- _About this task_
For every line below, restate it exactly and drop the images.

- _Items listed in a dataset_
###
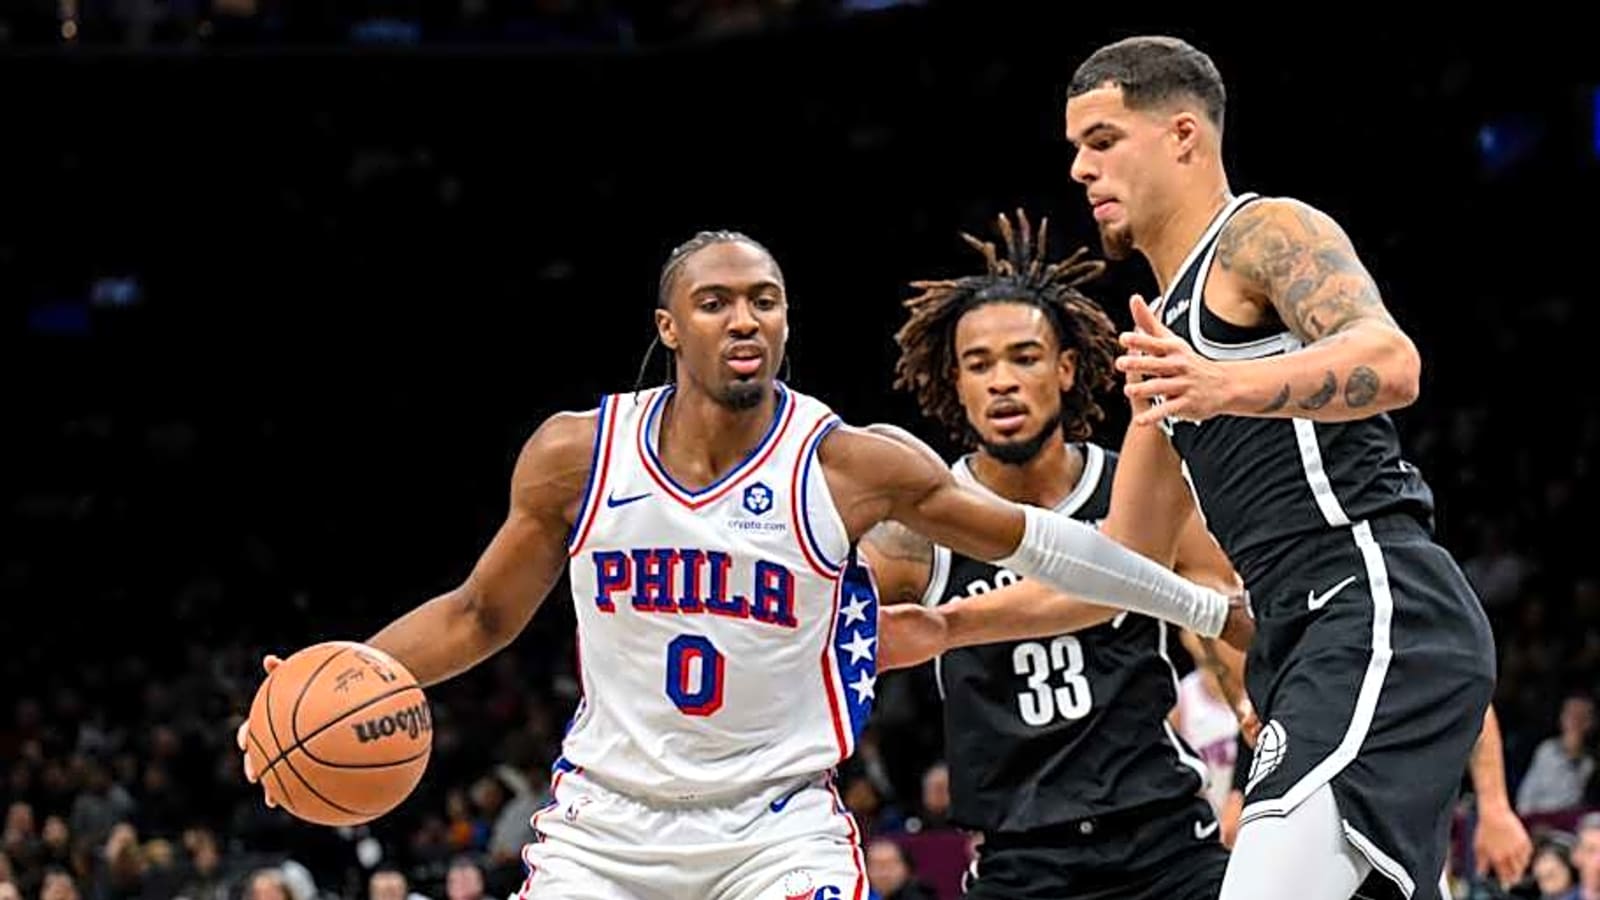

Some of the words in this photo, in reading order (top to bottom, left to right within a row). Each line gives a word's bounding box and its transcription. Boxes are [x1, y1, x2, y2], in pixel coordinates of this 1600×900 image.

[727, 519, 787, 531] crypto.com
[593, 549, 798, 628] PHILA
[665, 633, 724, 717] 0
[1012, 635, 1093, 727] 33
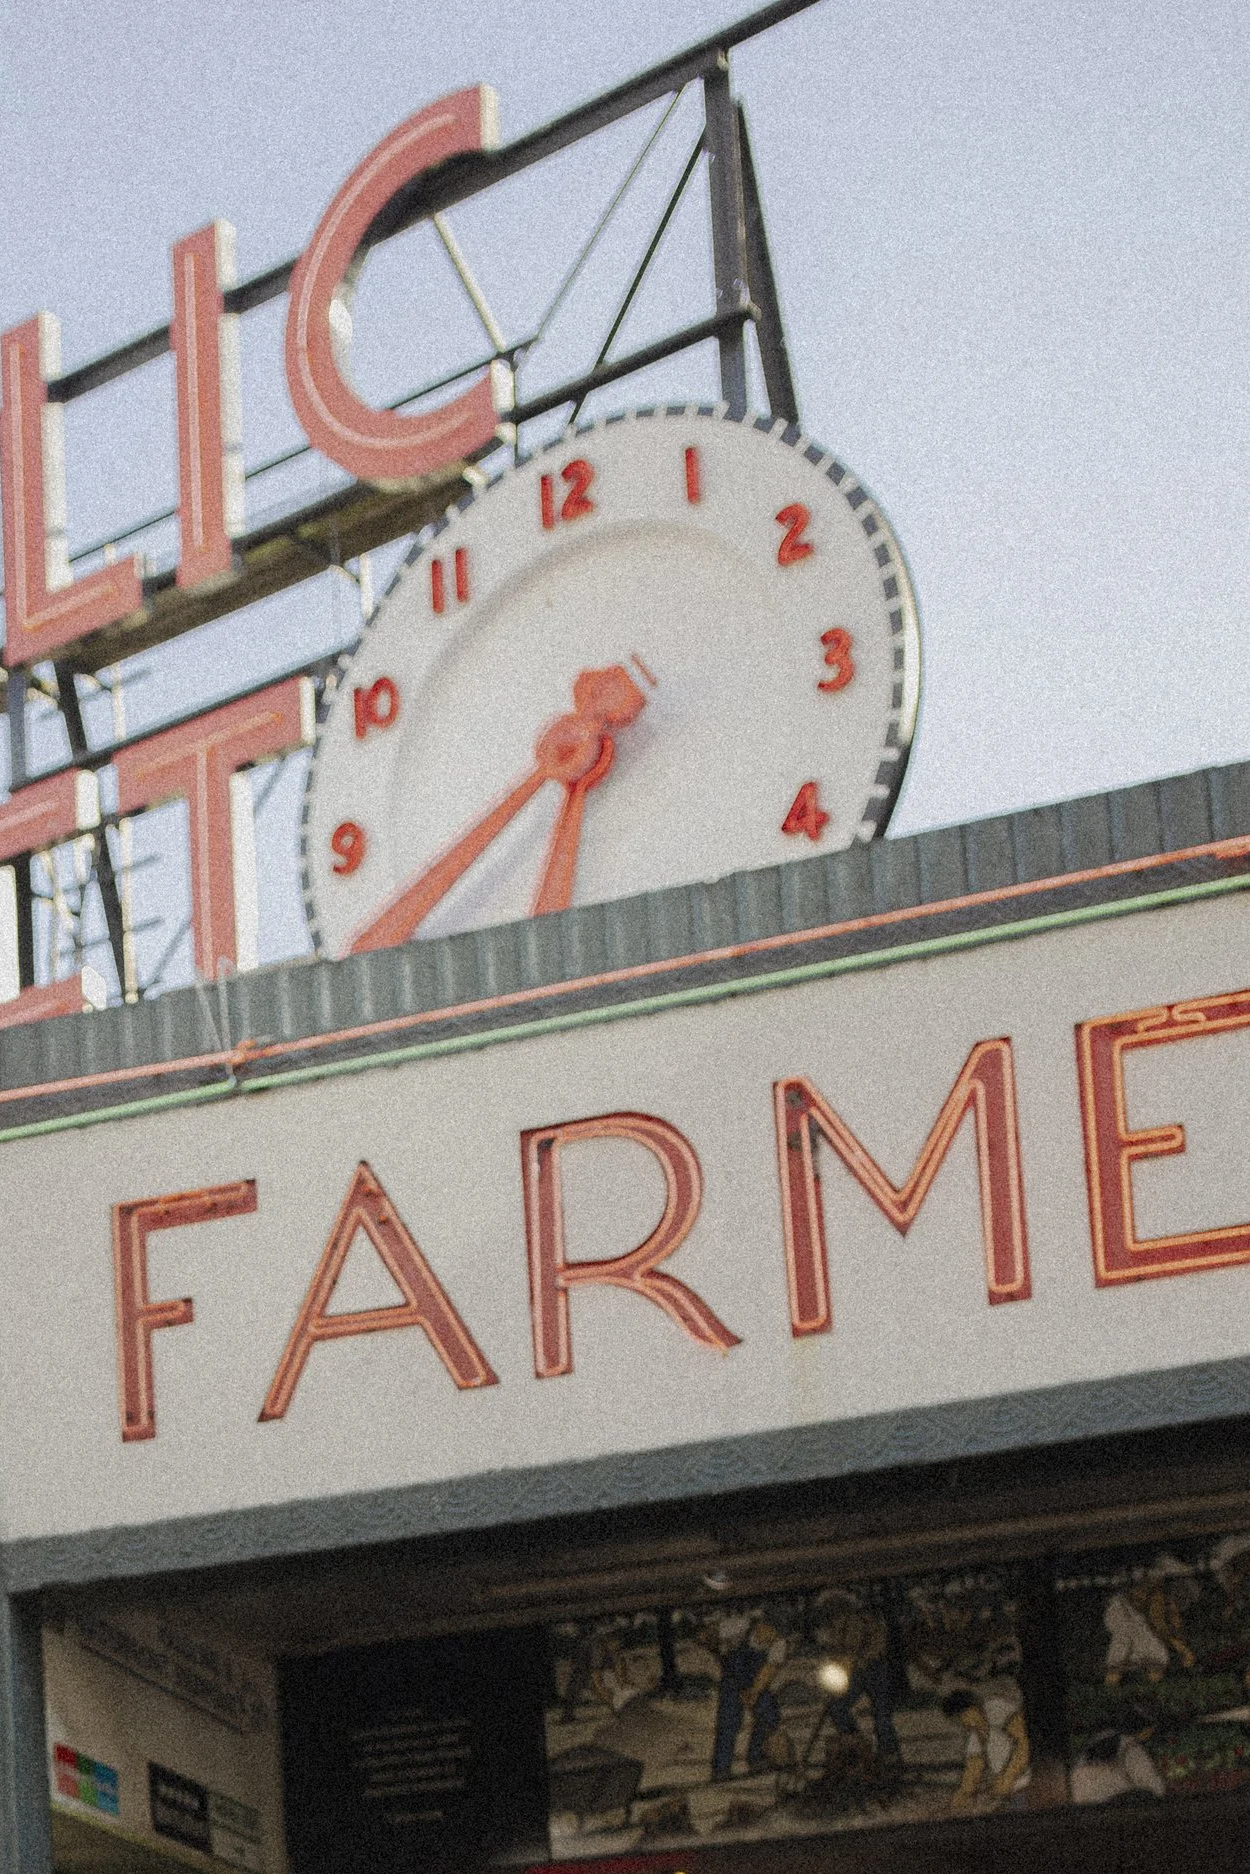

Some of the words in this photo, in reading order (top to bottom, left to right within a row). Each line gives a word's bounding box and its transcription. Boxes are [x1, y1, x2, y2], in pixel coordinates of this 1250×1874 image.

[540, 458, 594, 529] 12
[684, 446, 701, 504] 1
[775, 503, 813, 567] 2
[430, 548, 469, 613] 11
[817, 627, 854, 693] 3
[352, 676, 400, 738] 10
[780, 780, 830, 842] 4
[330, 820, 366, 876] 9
###
- _Expected output_
Some of the words in this photo, in reading order (top to bottom, left to right within a row). Each line gives a word's bounding box and its transcription. Boxes are [x1, y1, x2, y2], in pixel coordinates of this 1600×900 image.

[727, 519, 787, 531] crypto.com
[593, 549, 798, 628] PHILA
[665, 633, 724, 717] 0
[1012, 635, 1093, 727] 33

Some of the words in this photo, in reading order (top to bottom, left to right within a row). Each line gives a word's bounding box and its transcription. Boxes are [x1, y1, x2, y2], in pixel coordinates of this 1250×1874 image.

[540, 458, 594, 529] 12
[684, 446, 701, 504] 1
[775, 503, 813, 567] 2
[430, 548, 469, 613] 11
[817, 627, 854, 693] 3
[352, 676, 400, 738] 10
[780, 780, 830, 842] 4
[330, 820, 366, 876] 9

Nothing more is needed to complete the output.